---
title: "WDL Model"
output: rmarkdown::html_vignette
vignette: >
%\VignetteIndexEntry{WDL Model}
%\VignetteEngine{knitr::rmarkdown}
%\VignetteEncoding{UTF-8}
---
```{r, include = FALSE}
knitr::opts_chunk$set(
collapse = TRUE,
comment = "#>"
)
```
```{r setup}
library(rwig) |> suppressPackageStartupMessages()
```
Let's say we have some documents as character vectors,
and we want to discover the underlying topics.

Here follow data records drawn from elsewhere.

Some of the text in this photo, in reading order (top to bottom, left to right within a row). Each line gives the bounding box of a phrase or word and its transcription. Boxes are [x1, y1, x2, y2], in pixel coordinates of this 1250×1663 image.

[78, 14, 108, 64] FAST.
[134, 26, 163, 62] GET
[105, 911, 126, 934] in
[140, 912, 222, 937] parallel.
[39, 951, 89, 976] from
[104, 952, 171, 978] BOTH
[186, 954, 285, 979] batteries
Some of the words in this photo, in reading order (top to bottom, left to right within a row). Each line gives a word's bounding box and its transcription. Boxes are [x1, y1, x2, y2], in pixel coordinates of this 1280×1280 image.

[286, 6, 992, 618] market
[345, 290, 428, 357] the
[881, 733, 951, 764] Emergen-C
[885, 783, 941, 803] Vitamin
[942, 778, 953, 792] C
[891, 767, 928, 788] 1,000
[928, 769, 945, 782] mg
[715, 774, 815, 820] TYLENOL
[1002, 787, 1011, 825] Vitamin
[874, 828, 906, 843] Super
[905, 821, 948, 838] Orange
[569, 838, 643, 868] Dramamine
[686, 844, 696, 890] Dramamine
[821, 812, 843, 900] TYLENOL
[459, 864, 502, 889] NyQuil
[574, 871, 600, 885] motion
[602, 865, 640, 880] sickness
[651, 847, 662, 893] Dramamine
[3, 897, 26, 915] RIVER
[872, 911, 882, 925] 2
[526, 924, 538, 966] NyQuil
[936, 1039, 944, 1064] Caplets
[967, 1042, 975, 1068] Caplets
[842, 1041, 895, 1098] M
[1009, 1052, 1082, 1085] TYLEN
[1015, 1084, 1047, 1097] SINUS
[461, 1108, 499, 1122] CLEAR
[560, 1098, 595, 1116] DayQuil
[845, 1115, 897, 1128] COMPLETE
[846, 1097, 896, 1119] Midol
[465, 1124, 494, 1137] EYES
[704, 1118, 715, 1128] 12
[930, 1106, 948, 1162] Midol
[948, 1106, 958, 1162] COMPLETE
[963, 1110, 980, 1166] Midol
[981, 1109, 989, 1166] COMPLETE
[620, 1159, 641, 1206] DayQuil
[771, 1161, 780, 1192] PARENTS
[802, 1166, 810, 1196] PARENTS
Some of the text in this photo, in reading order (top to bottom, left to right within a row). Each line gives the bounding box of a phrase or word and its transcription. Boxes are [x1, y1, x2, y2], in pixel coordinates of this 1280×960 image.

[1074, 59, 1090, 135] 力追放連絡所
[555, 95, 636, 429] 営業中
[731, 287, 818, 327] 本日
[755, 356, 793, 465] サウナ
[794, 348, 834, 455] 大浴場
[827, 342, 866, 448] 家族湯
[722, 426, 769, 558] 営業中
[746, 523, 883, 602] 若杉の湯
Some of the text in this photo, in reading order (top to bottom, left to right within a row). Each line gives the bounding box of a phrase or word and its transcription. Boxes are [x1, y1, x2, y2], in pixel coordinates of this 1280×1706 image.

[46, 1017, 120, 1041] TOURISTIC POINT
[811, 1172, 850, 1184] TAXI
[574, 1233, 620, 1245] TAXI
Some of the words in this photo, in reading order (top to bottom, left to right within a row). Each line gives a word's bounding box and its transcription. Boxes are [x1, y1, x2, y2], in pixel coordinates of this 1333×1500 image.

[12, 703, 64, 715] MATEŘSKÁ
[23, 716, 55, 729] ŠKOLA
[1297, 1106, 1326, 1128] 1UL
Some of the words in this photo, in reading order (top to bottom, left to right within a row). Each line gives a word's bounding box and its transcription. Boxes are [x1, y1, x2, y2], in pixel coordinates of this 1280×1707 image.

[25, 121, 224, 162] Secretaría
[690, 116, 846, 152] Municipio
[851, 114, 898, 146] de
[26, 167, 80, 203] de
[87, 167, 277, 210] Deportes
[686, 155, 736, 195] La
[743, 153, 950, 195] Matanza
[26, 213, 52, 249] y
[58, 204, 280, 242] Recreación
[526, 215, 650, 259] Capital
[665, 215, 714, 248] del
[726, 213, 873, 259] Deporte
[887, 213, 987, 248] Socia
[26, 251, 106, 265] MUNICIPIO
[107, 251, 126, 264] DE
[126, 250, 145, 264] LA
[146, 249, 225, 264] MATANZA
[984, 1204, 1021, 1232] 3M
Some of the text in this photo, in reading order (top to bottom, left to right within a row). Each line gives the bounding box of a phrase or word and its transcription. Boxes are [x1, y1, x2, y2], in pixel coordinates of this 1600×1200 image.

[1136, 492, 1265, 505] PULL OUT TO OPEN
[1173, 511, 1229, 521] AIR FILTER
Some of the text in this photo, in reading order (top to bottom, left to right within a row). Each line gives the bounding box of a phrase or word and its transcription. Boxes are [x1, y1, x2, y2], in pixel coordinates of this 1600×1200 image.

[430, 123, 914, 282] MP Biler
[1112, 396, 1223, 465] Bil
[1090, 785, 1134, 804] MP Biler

This is called "topic modeling", and Latent Dirichlet Allocation (LDA)
is probably the most famous among all of topic models.
Here, we consider the Wasserstein Dicionary Learning (WDL) model.
```{r}
# a very simple example
sentences <- c("this is a sentence", "this is another one", "yet another sentence")
wdl_fit <- wdl(sentences, specs = wdl_specs(
wdl_control = list(num_topics = 2),
word2vec_control = list(min_count = 1)
))
wdl_fit
```
We can see from the topics that they are vectors of the tokens (words)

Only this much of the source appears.